• **YOUR GOAL**: Images are not part of the copy; transcribe all the data exactly.

• **SUPPLIED DATA**:
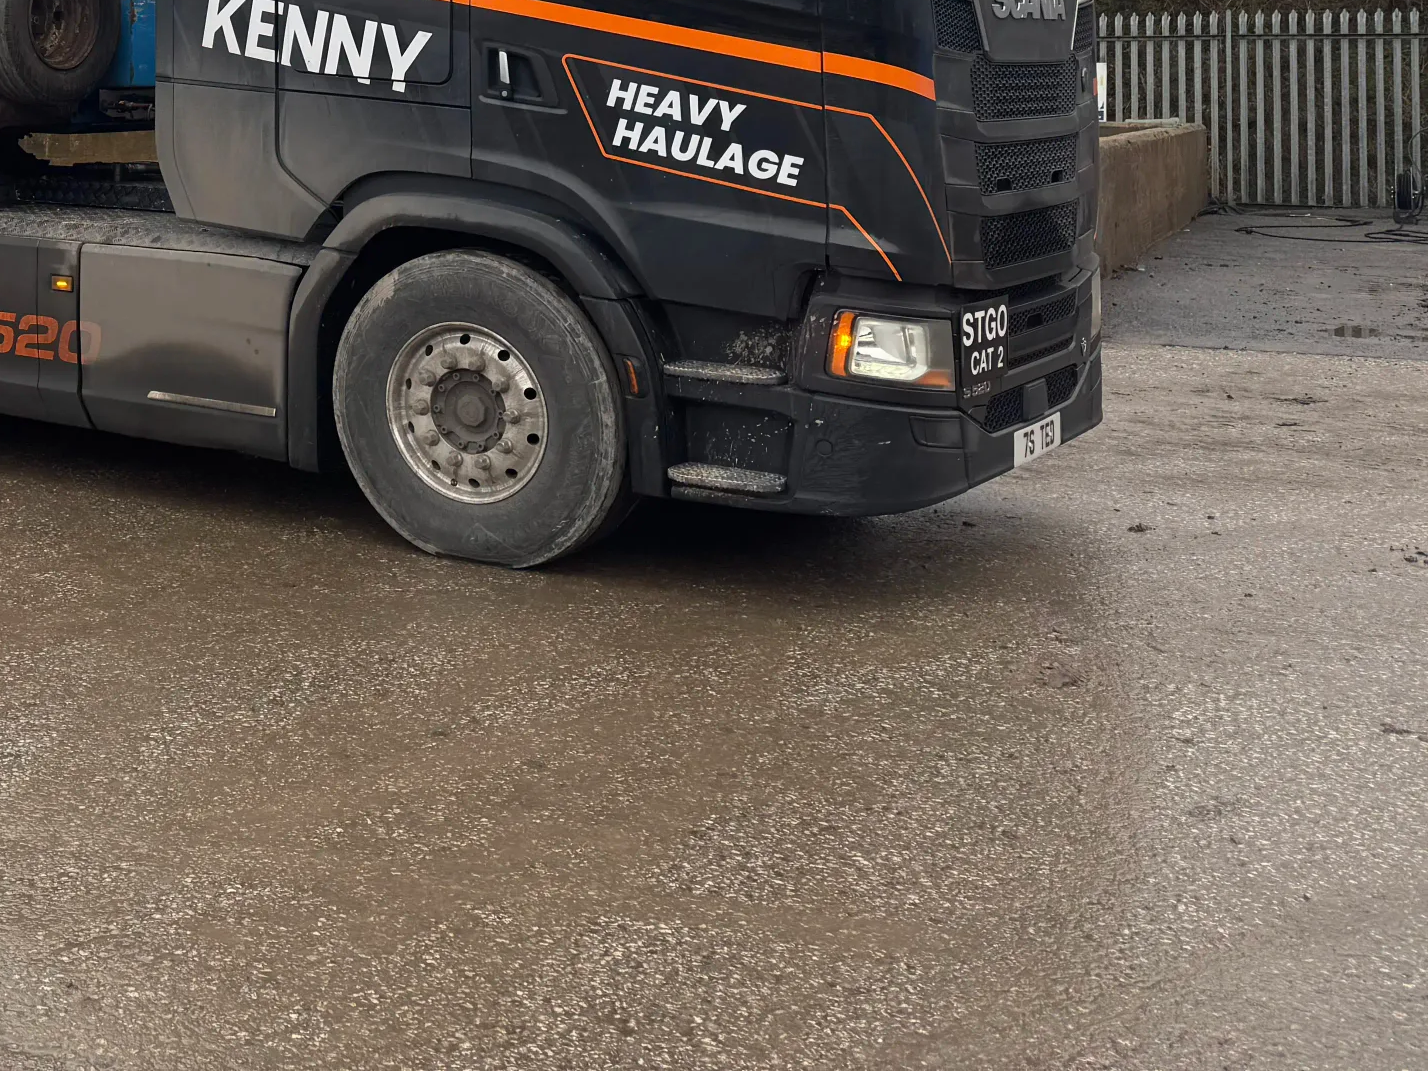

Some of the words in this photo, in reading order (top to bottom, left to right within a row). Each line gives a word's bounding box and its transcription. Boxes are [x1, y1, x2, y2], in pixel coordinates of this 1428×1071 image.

[606, 78, 747, 132] HEAVY
[612, 118, 805, 187] HAULAGE
[962, 304, 1008, 347] STGO
[970, 346, 995, 376] CAT
[997, 345, 1004, 368] 2
[1039, 419, 1055, 450] TED
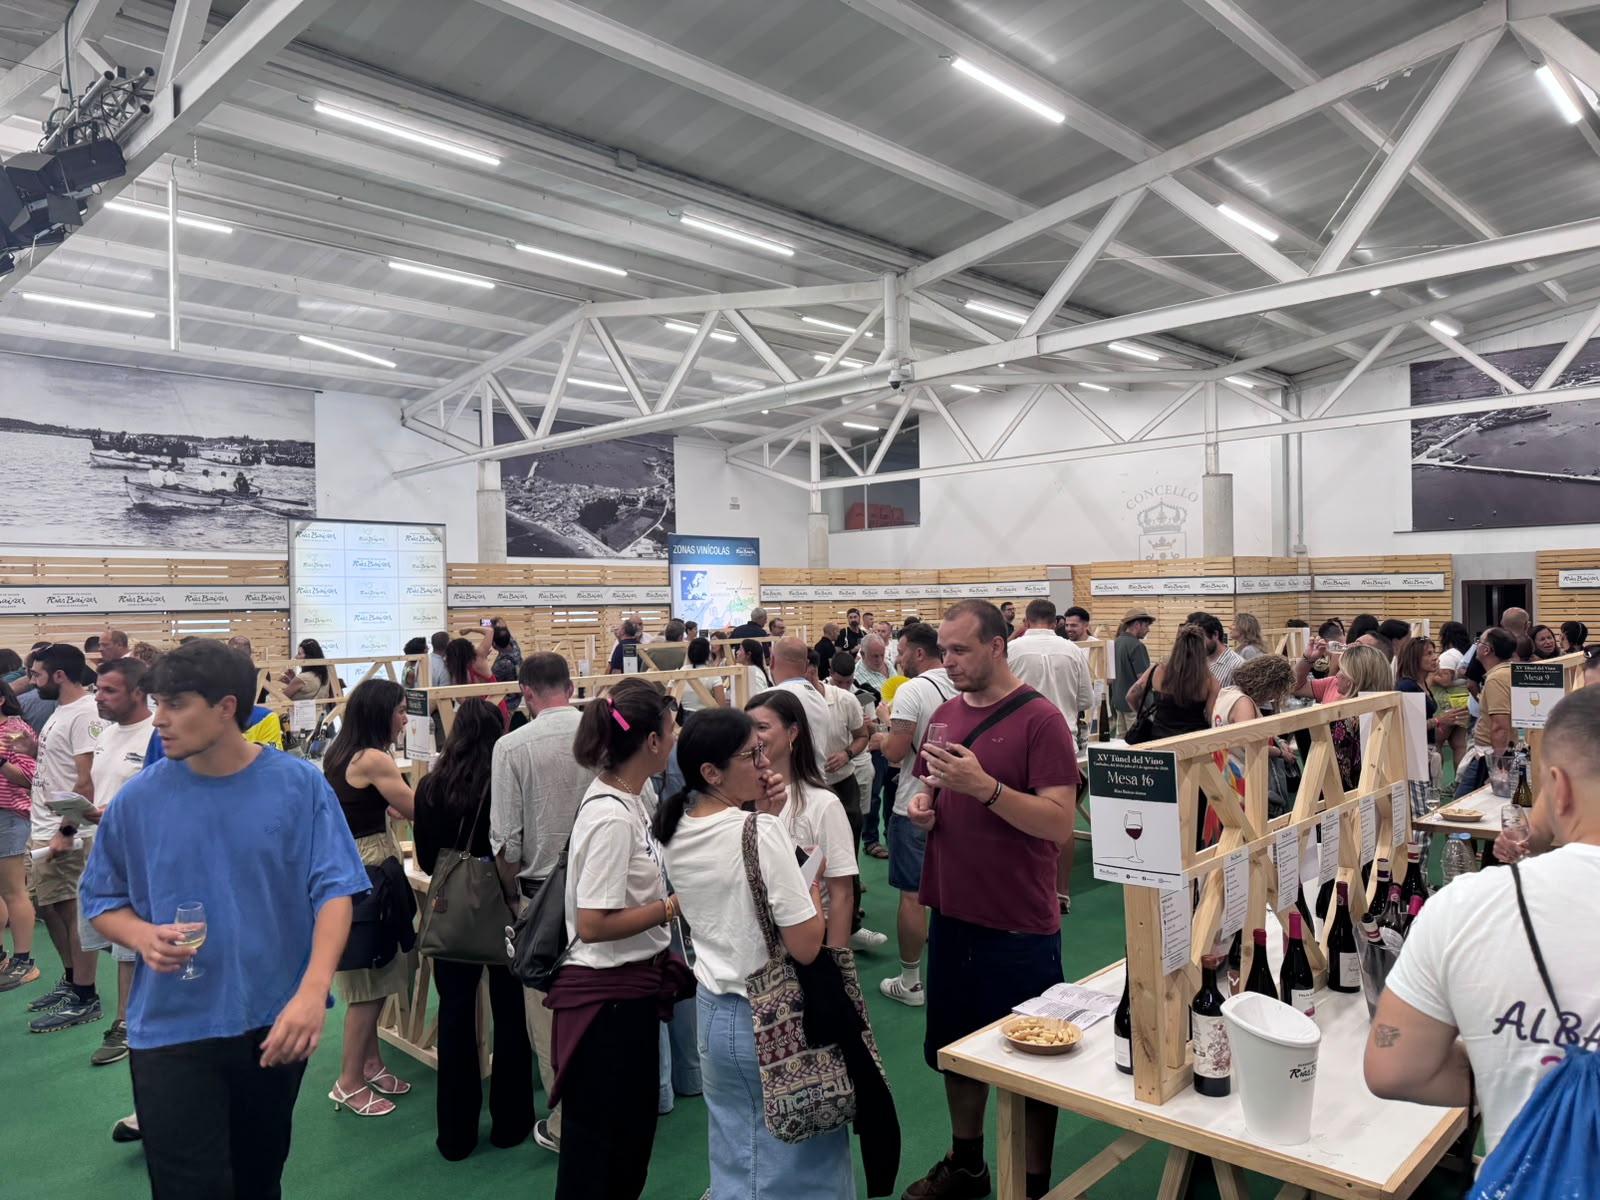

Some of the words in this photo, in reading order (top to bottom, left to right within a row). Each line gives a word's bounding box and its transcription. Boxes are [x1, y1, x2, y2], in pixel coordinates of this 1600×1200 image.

[1126, 484, 1198, 510] CONCELLO
[672, 544, 696, 554] ZONAS
[696, 544, 730, 555] VINÍCOLAS
[1110, 754, 1130, 763] Túnel
[1144, 756, 1164, 765] Vino
[1107, 770, 1138, 786] Mesa
[1142, 774, 1154, 786] 16
[1289, 1067, 1310, 1079] Rías
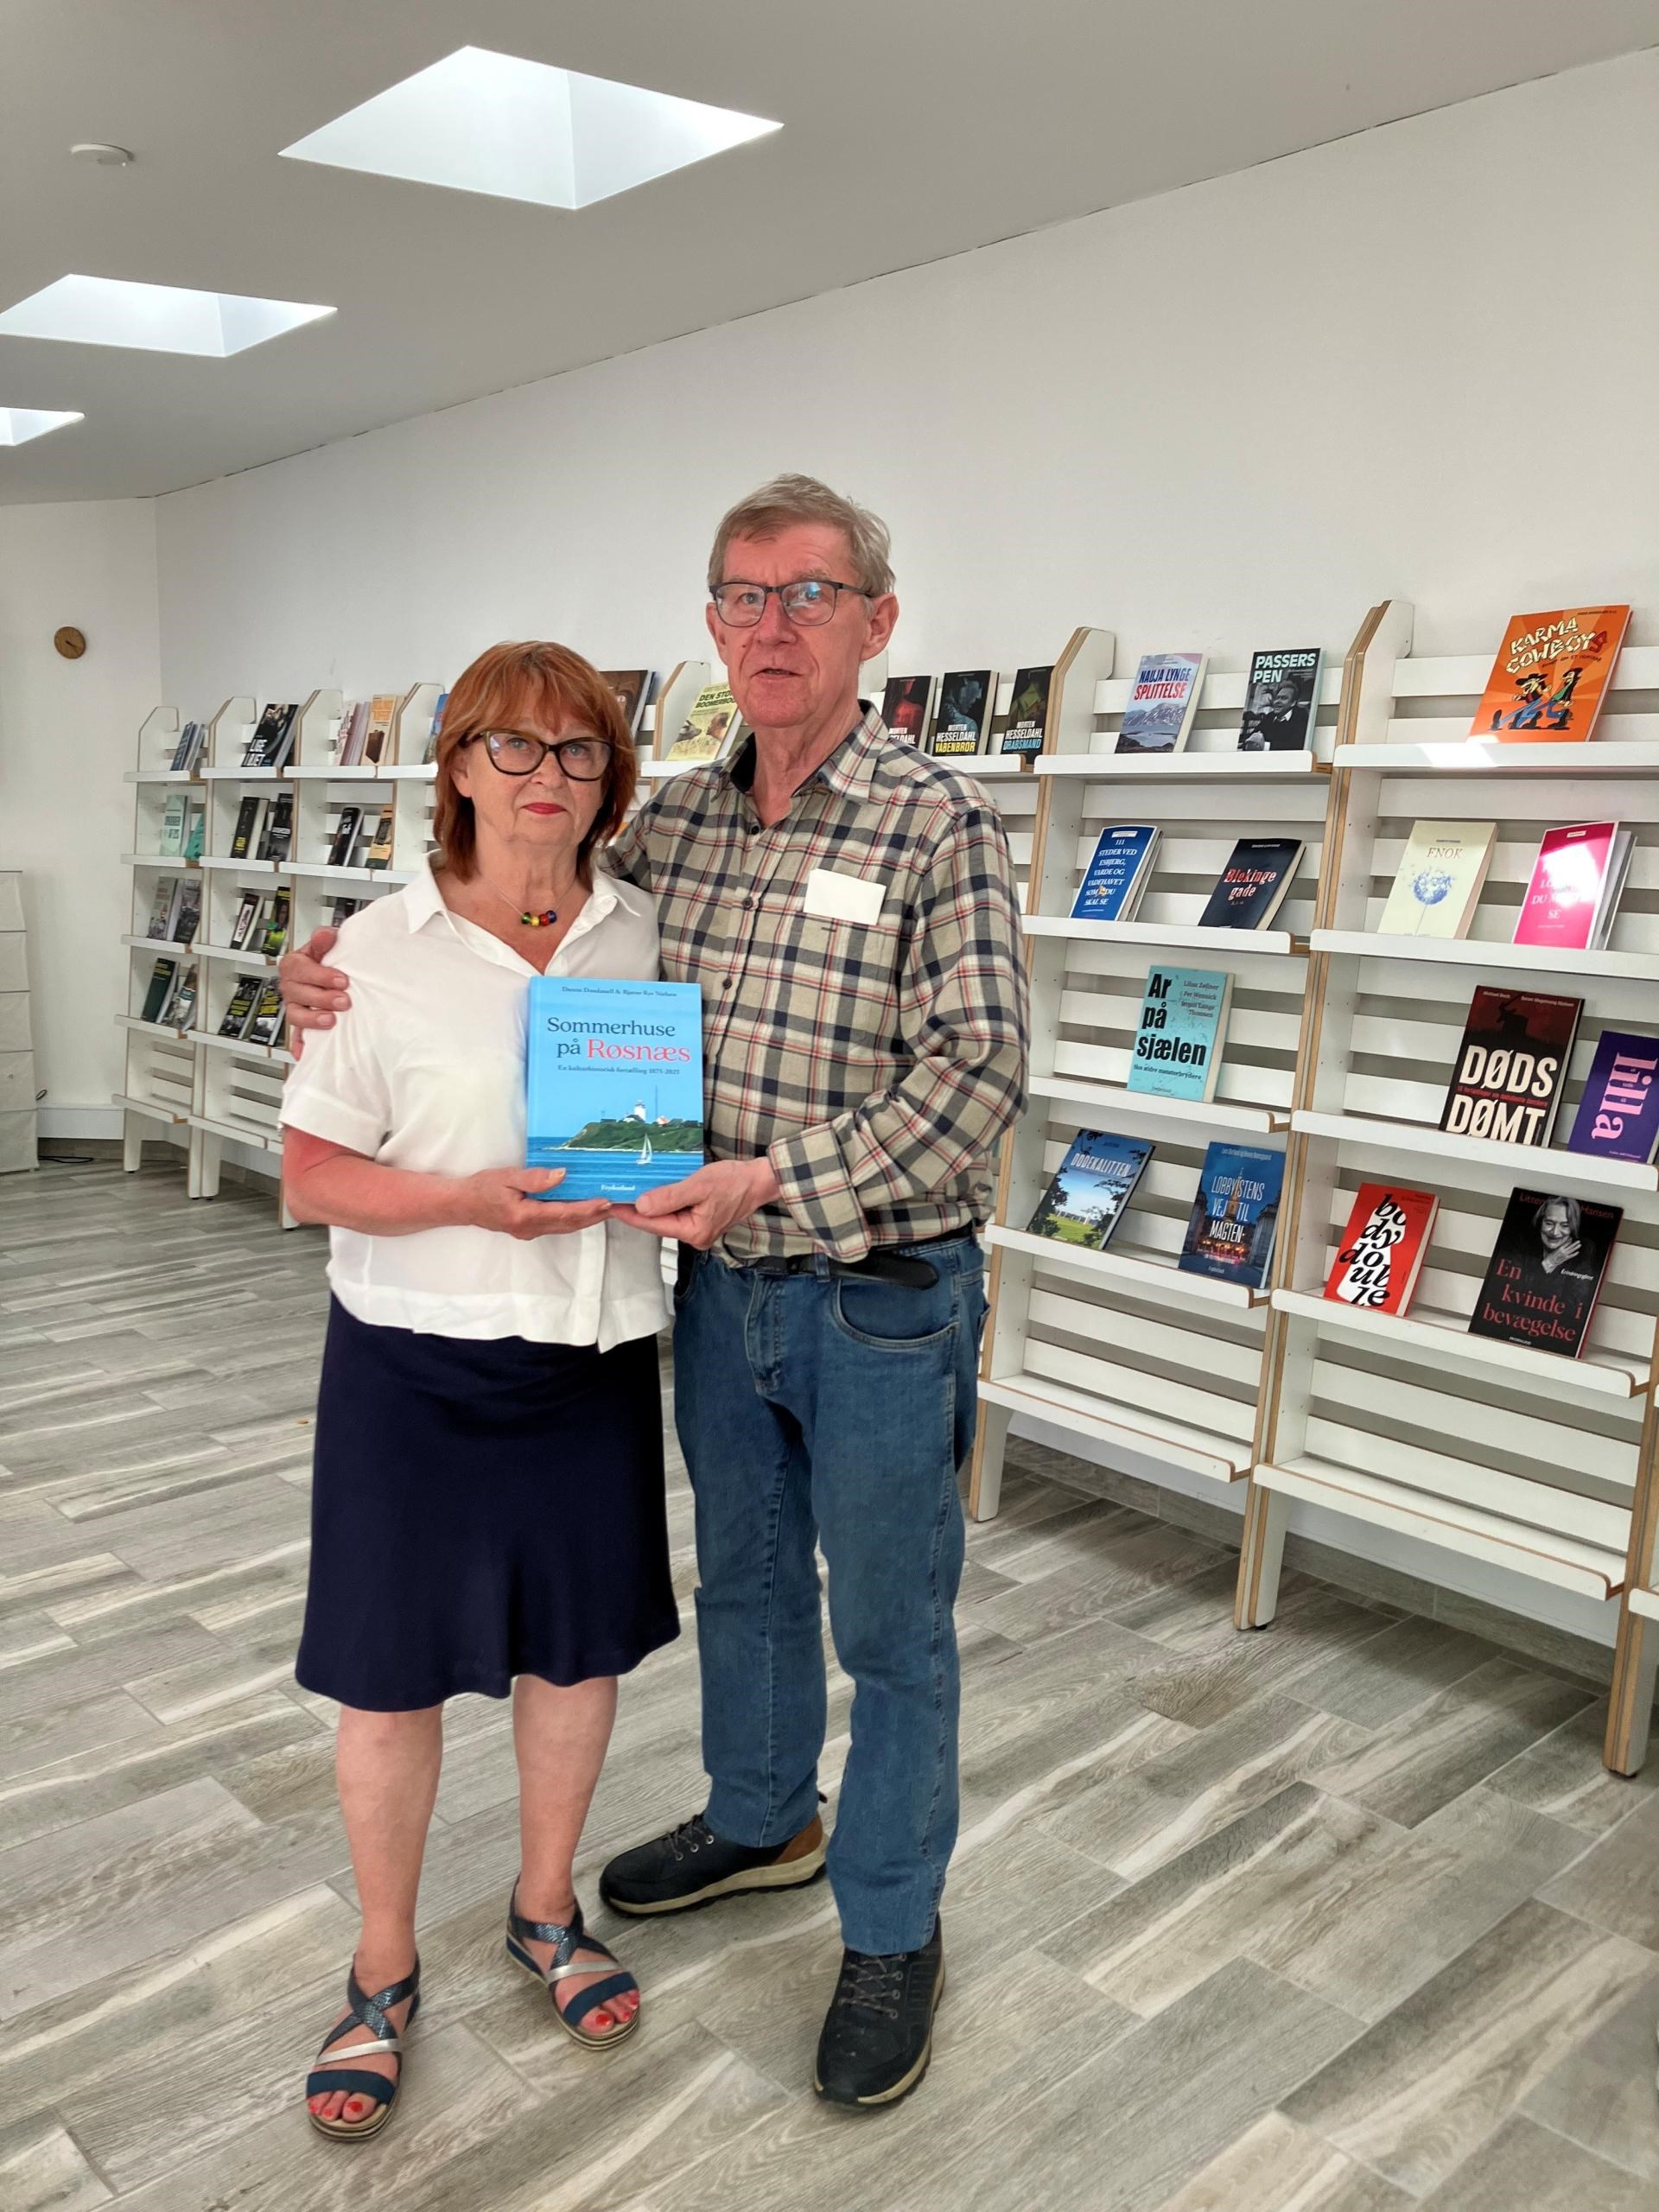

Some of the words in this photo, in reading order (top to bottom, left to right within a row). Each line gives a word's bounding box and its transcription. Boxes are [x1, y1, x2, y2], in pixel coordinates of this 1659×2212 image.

[1510, 617, 1579, 655] KARMA
[1255, 652, 1317, 669] PASSERS
[1139, 669, 1165, 683] NAUJA
[1165, 668, 1192, 682] LYNGE
[1253, 669, 1283, 683] PEN
[1134, 683, 1187, 701] SPLITTELSE
[936, 731, 976, 742] HESSELDAHL
[1005, 728, 1043, 740] HESSELDAHL
[1224, 868, 1277, 885] Blekinge
[1228, 883, 1256, 900] gade
[1548, 910, 1562, 919] SE
[1147, 973, 1173, 999] Ar
[1141, 1001, 1167, 1029] på
[547, 1017, 676, 1037] Sommerhuse
[556, 1039, 581, 1058] på
[587, 1039, 691, 1062] Røsnæs
[1136, 1033, 1207, 1066] sjælen
[1459, 1045, 1558, 1097] DØDS
[1446, 1094, 1547, 1146] DØMT
[1211, 1175, 1265, 1201] LOBBYISTENS
[1211, 1198, 1228, 1217] VEJ
[1236, 1202, 1249, 1222] TIL
[1360, 1218, 1402, 1249] dy
[1338, 1243, 1384, 1268] do
[1496, 1258, 1522, 1280] En
[1502, 1283, 1566, 1314] kvinde
[1575, 1302, 1584, 1319] i
[1482, 1302, 1577, 1342] bevægelse

• **TASK SOLUTION**:
Some of the words in this photo, in reading order (top to bottom, left to right within a row). Each line gives a word's bounding box and its transcription. Boxes are [x1, y1, x2, y2], in pixel coordinates of this 1428×1071 image.

[606, 78, 747, 132] HEAVY
[612, 118, 805, 187] HAULAGE
[962, 304, 1008, 347] STGO
[970, 346, 995, 376] CAT
[997, 345, 1004, 368] 2
[1039, 419, 1055, 450] TED

Some of the words in this photo, in reading order (top to bottom, left to right within a row). Each line gives a word's bounding box and its transcription. Boxes are [x1, y1, x2, y2], in pixel coordinates of this 1600×1200 image.

[1126, 484, 1198, 510] CONCELLO
[672, 544, 696, 554] ZONAS
[696, 544, 730, 555] VINÍCOLAS
[1110, 754, 1130, 763] Túnel
[1144, 756, 1164, 765] Vino
[1107, 770, 1138, 786] Mesa
[1142, 774, 1154, 786] 16
[1289, 1067, 1310, 1079] Rías

Some of the words in this photo, in reading order (top to bottom, left to right within a row). Each line gives a word's bounding box and its transcription. Boxes are [x1, y1, x2, y2], in pixel coordinates of this 1659×2212 image.

[1510, 617, 1579, 655] KARMA
[1255, 652, 1317, 669] PASSERS
[1139, 669, 1165, 683] NAUJA
[1165, 668, 1192, 682] LYNGE
[1253, 669, 1283, 683] PEN
[1134, 683, 1187, 701] SPLITTELSE
[936, 731, 976, 742] HESSELDAHL
[1005, 728, 1043, 740] HESSELDAHL
[1224, 868, 1277, 885] Blekinge
[1228, 883, 1256, 900] gade
[1548, 910, 1562, 919] SE
[1147, 973, 1173, 999] Ar
[1141, 1001, 1167, 1029] på
[547, 1017, 676, 1037] Sommerhuse
[556, 1039, 581, 1058] på
[587, 1039, 691, 1062] Røsnæs
[1136, 1033, 1207, 1066] sjælen
[1459, 1045, 1558, 1097] DØDS
[1446, 1094, 1547, 1146] DØMT
[1211, 1175, 1265, 1201] LOBBYISTENS
[1211, 1198, 1228, 1217] VEJ
[1236, 1202, 1249, 1222] TIL
[1360, 1218, 1402, 1249] dy
[1338, 1243, 1384, 1268] do
[1496, 1258, 1522, 1280] En
[1502, 1283, 1566, 1314] kvinde
[1575, 1302, 1584, 1319] i
[1482, 1302, 1577, 1342] bevægelse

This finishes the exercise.